Oltre all’evidente beneficio per l’ecosistema, la presa di posizione della ministra ha una doppia risonanza per un motivo molto semplice: è la prima volta che un membro del governo nazionale usa i poteri conferitigli dall’Australia’s environmental protection and biodiversity conservation act, un trattato che delinea un quadro giuridico a cui attingere in merito alla protezione ambientale, per bloccare una miniera di carbone. Gli ambientalisti e gli aborigeni hanno buoni motivi per sperare che possa ricapitare ancora.
Certo, a patto che ogni caso sia trattato con la stessa cura e attenzione riservate a questo.
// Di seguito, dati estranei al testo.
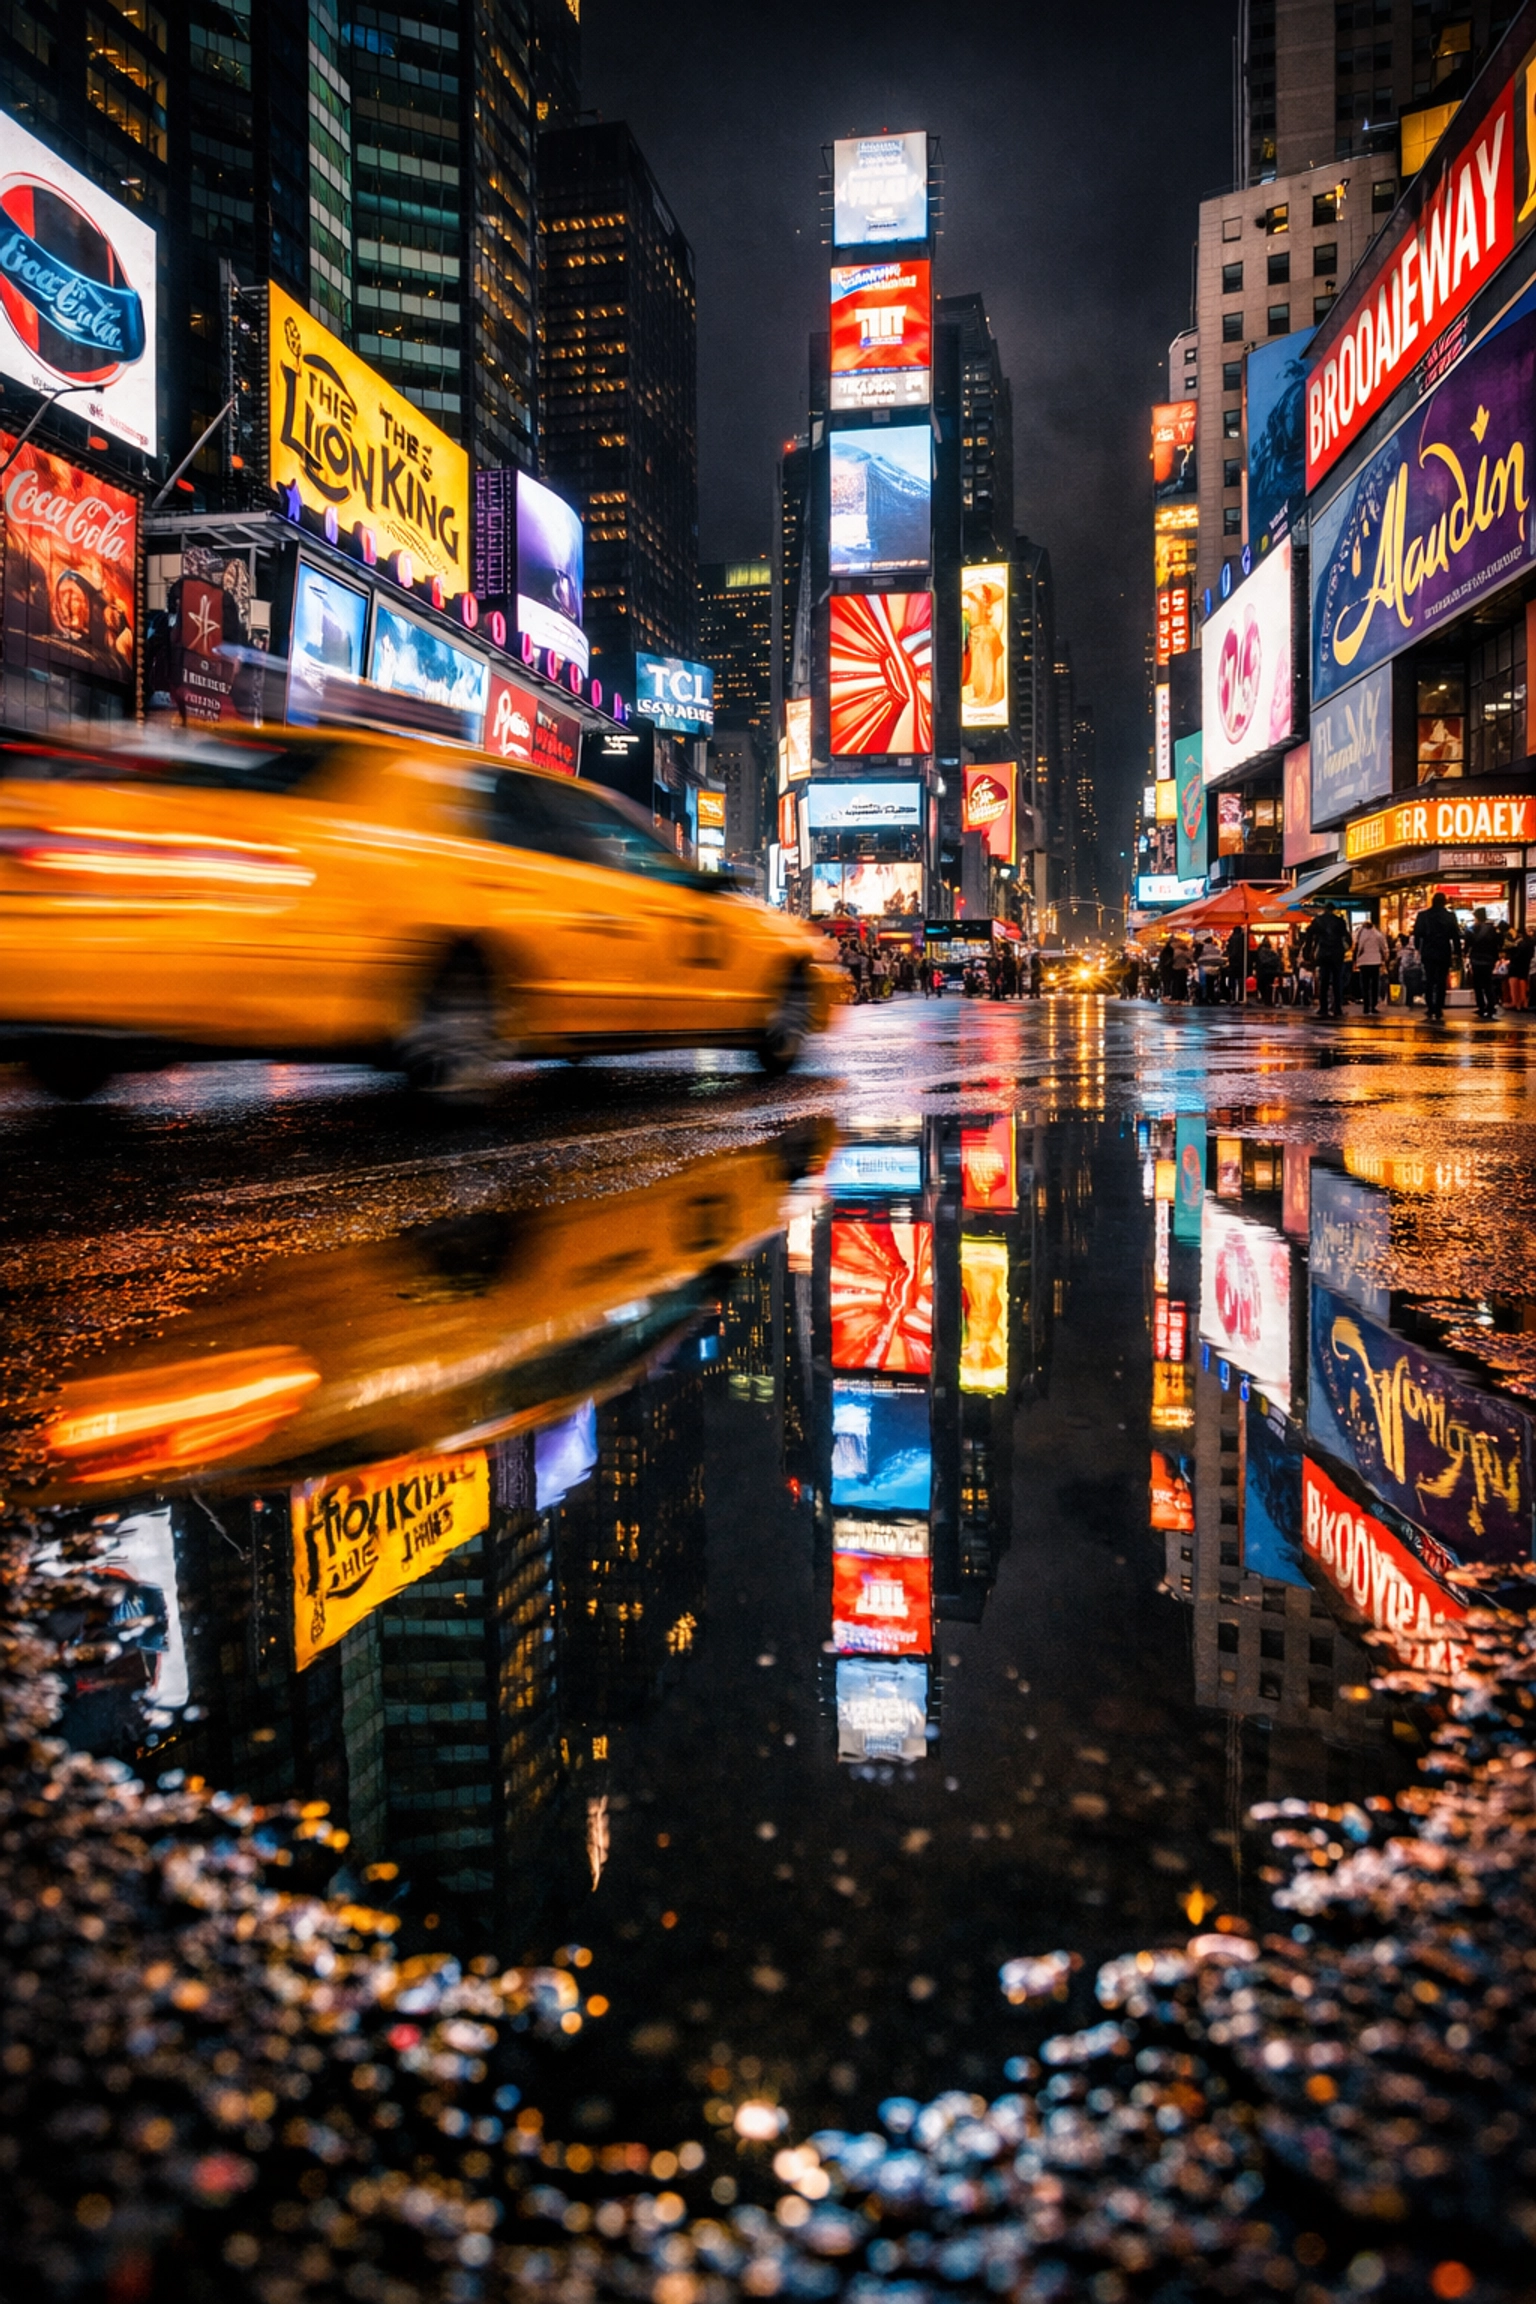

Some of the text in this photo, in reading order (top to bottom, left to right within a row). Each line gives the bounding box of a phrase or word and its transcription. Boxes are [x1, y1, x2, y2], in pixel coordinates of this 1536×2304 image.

[5, 469, 135, 562] Coca-Cola
[380, 444, 459, 565] KING
[645, 663, 711, 707] TCL
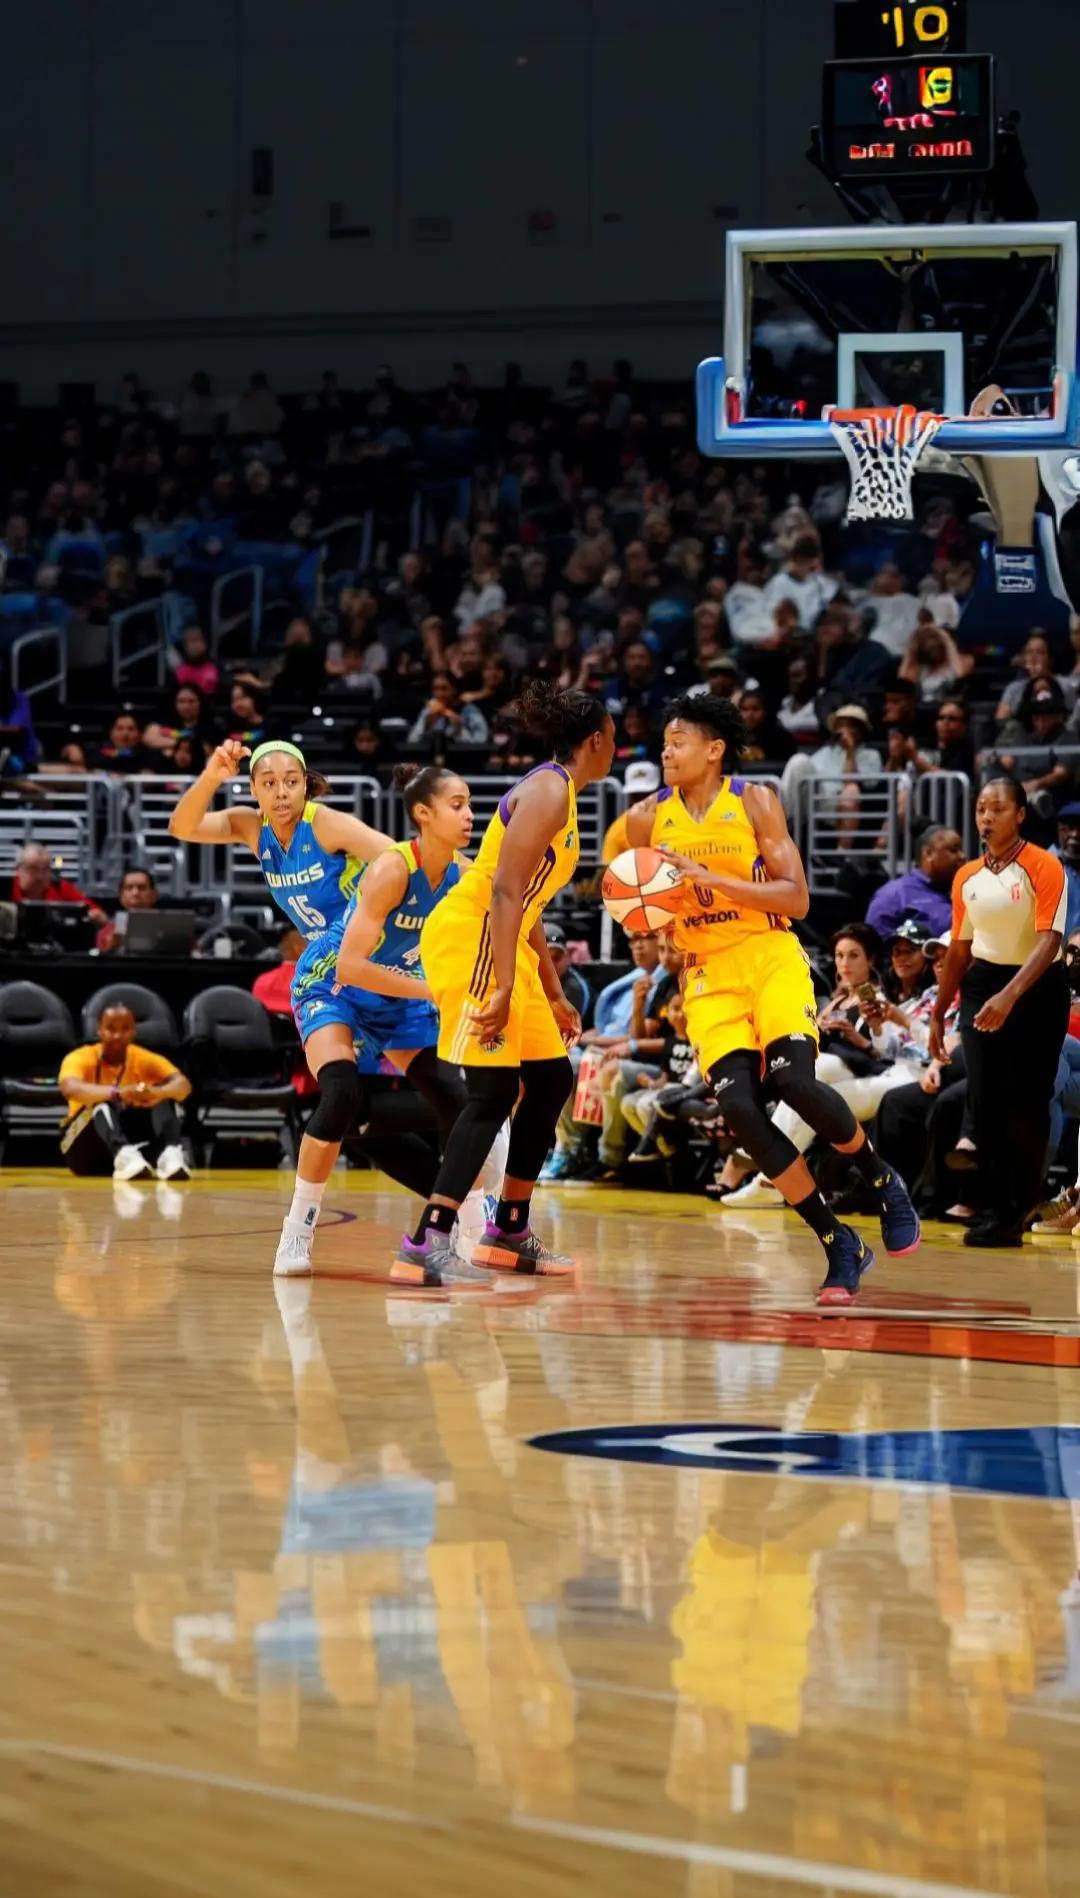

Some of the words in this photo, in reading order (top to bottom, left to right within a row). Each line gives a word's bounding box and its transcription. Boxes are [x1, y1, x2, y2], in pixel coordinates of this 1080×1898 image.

[265, 862, 325, 888] WINGS
[288, 895, 327, 928] 15
[683, 910, 739, 928] verizon
[402, 944, 421, 966] 4
Una richiesta che l’Environment council of central queensland (ECoCeQ), un’organizzazione ambientale comunitaria indipendente, avanza in realtà da tempo. Appoggiatasi all’Environmental justice Australia, un consorzio di avvocati specializzati in cause ambientali, la ECoCeQ ha infatti sollecitato Plibersek a considerare l’impatto sugli ecosistemi di tutte le decine di progetti sui combustibili fossili attualmente in attesa di approvazione, applicando quindi lo stesso metodo del caso Clive Palmer.
La ministra ha infatti dichiarato che la decisione di opporsi alla miniera è avvenuta dopo aver esaminato tutte le considerazioni giunte sia dai sostenitori del progetto che dai contrari (e raccolte in quasi diecimila lettere ed e-mail). Una conclusione grazie alla quale, secondo la presidente di ECoCeQ Christine Carlisle, «la Grande Barriera Corallina e le sue meraviglie viventi sono state risparmiate da oltre un miliardo di tonnellate di emissioni di gas serra che questa miniera avrebbe prodotto nel corso della sua vita».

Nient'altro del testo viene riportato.